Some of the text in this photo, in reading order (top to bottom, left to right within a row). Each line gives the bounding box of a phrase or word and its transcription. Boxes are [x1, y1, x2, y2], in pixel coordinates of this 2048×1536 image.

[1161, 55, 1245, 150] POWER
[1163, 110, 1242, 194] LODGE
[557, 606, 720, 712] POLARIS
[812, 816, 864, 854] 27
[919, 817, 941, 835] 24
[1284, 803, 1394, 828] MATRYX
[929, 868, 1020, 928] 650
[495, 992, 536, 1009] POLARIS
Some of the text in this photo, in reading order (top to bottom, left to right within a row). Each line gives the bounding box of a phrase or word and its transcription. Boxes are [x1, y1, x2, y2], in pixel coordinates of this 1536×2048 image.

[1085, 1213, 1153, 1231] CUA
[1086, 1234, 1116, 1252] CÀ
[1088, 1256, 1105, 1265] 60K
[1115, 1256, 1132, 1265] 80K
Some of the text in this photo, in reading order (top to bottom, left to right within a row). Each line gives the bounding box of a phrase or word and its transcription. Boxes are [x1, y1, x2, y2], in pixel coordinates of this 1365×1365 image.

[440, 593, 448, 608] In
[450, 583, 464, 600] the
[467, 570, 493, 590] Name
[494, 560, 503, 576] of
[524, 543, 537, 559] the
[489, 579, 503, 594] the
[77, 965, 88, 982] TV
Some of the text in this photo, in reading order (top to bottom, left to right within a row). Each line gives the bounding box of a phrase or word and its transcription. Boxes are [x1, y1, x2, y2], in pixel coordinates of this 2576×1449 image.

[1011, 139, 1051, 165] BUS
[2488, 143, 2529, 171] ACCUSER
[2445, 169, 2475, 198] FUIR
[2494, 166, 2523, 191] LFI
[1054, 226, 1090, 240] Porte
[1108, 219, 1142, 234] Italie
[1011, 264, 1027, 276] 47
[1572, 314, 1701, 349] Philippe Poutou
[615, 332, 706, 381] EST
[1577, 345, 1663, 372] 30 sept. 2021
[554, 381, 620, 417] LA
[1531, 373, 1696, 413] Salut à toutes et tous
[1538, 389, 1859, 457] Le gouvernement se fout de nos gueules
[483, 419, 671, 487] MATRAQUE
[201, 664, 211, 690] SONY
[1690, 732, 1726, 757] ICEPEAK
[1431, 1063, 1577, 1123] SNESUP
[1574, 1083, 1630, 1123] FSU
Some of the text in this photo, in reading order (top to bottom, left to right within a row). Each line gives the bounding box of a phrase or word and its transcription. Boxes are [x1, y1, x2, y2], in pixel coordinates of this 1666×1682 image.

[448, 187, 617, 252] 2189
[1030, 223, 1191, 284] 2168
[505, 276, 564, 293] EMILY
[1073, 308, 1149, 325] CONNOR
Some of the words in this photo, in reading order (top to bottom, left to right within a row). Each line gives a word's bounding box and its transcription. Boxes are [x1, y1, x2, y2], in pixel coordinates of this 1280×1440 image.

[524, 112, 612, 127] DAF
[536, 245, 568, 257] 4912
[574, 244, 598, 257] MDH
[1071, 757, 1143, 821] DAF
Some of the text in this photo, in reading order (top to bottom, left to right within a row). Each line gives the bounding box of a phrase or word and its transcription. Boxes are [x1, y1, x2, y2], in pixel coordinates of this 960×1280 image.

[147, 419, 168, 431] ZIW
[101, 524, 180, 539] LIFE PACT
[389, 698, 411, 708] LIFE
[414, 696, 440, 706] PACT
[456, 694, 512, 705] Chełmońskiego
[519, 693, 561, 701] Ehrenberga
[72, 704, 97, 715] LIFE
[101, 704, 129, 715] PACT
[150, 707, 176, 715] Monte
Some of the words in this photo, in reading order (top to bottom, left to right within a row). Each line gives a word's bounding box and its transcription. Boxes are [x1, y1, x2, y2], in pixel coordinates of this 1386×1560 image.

- [Aim of the task]
Retype the entries in full. Keep every line identical.

- [Written answer]
Some of the text in this photo, in reading order (top to bottom, left to right within a row). Each line gives the bounding box of a phrase or word and its transcription. Boxes are [x1, y1, x2, y2], in pixel coordinates of this 2048×1536 image.

[1161, 55, 1245, 150] POWER
[1163, 110, 1242, 194] LODGE
[557, 606, 720, 712] POLARIS
[812, 816, 864, 854] 27
[919, 817, 941, 835] 24
[1284, 803, 1394, 828] MATRYX
[929, 868, 1020, 928] 650
[495, 992, 536, 1009] POLARIS
Some of the text in this photo, in reading order (top to bottom, left to right within a row). Each line gives the bounding box of a phrase or word and its transcription. Boxes are [x1, y1, x2, y2], in pixel coordinates of this 1536×2048 image.

[1085, 1213, 1153, 1231] CUA
[1086, 1234, 1116, 1252] CÀ
[1088, 1256, 1105, 1265] 60K
[1115, 1256, 1132, 1265] 80K
Some of the text in this photo, in reading order (top to bottom, left to right within a row). Each line gives the bounding box of a phrase or word and its transcription. Boxes are [x1, y1, x2, y2], in pixel coordinates of this 1365×1365 image.

[440, 593, 448, 608] In
[450, 583, 464, 600] the
[467, 570, 493, 590] Name
[494, 560, 503, 576] of
[524, 543, 537, 559] the
[489, 579, 503, 594] the
[77, 965, 88, 982] TV
Some of the text in this photo, in reading order (top to bottom, left to right within a row). Each line gives the bounding box of a phrase or word and its transcription. Boxes are [x1, y1, x2, y2], in pixel coordinates of this 2576×1449 image.

[1011, 139, 1051, 165] BUS
[2488, 143, 2529, 171] ACCUSER
[2445, 169, 2475, 198] FUIR
[2494, 166, 2523, 191] LFI
[1054, 226, 1090, 240] Porte
[1108, 219, 1142, 234] Italie
[1011, 264, 1027, 276] 47
[1572, 314, 1701, 349] Philippe Poutou
[615, 332, 706, 381] EST
[1577, 345, 1663, 372] 30 sept. 2021
[554, 381, 620, 417] LA
[1531, 373, 1696, 413] Salut à toutes et tous
[1538, 389, 1859, 457] Le gouvernement se fout de nos gueules
[483, 419, 671, 487] MATRAQUE
[201, 664, 211, 690] SONY
[1690, 732, 1726, 757] ICEPEAK
[1431, 1063, 1577, 1123] SNESUP
[1574, 1083, 1630, 1123] FSU
Some of the text in this photo, in reading order (top to bottom, left to right within a row). Each line gives the bounding box of a phrase or word and its transcription. Boxes are [x1, y1, x2, y2], in pixel coordinates of this 1666×1682 image.

[448, 187, 617, 252] 2189
[1030, 223, 1191, 284] 2168
[505, 276, 564, 293] EMILY
[1073, 308, 1149, 325] CONNOR
Some of the words in this photo, in reading order (top to bottom, left to right within a row). Each line gives a word's bounding box and its transcription. Boxes are [x1, y1, x2, y2], in pixel coordinates of this 1280×1440 image.

[524, 112, 612, 127] DAF
[536, 245, 568, 257] 4912
[574, 244, 598, 257] MDH
[1071, 757, 1143, 821] DAF
Some of the text in this photo, in reading order (top to bottom, left to right within a row). Each line gives the bounding box of a phrase or word and its transcription. Boxes are [x1, y1, x2, y2], in pixel coordinates of this 960×1280 image.

[147, 419, 168, 431] ZIW
[101, 524, 180, 539] LIFE PACT
[389, 698, 411, 708] LIFE
[414, 696, 440, 706] PACT
[456, 694, 512, 705] Chełmońskiego
[519, 693, 561, 701] Ehrenberga
[72, 704, 97, 715] LIFE
[101, 704, 129, 715] PACT
[150, 707, 176, 715] Monte
Some of the words in this photo, in reading order (top to bottom, left to right within a row). Each line gives a word's bounding box and its transcription. Boxes are [x1, y1, x2, y2], in pixel coordinates of this 1386×1560 image.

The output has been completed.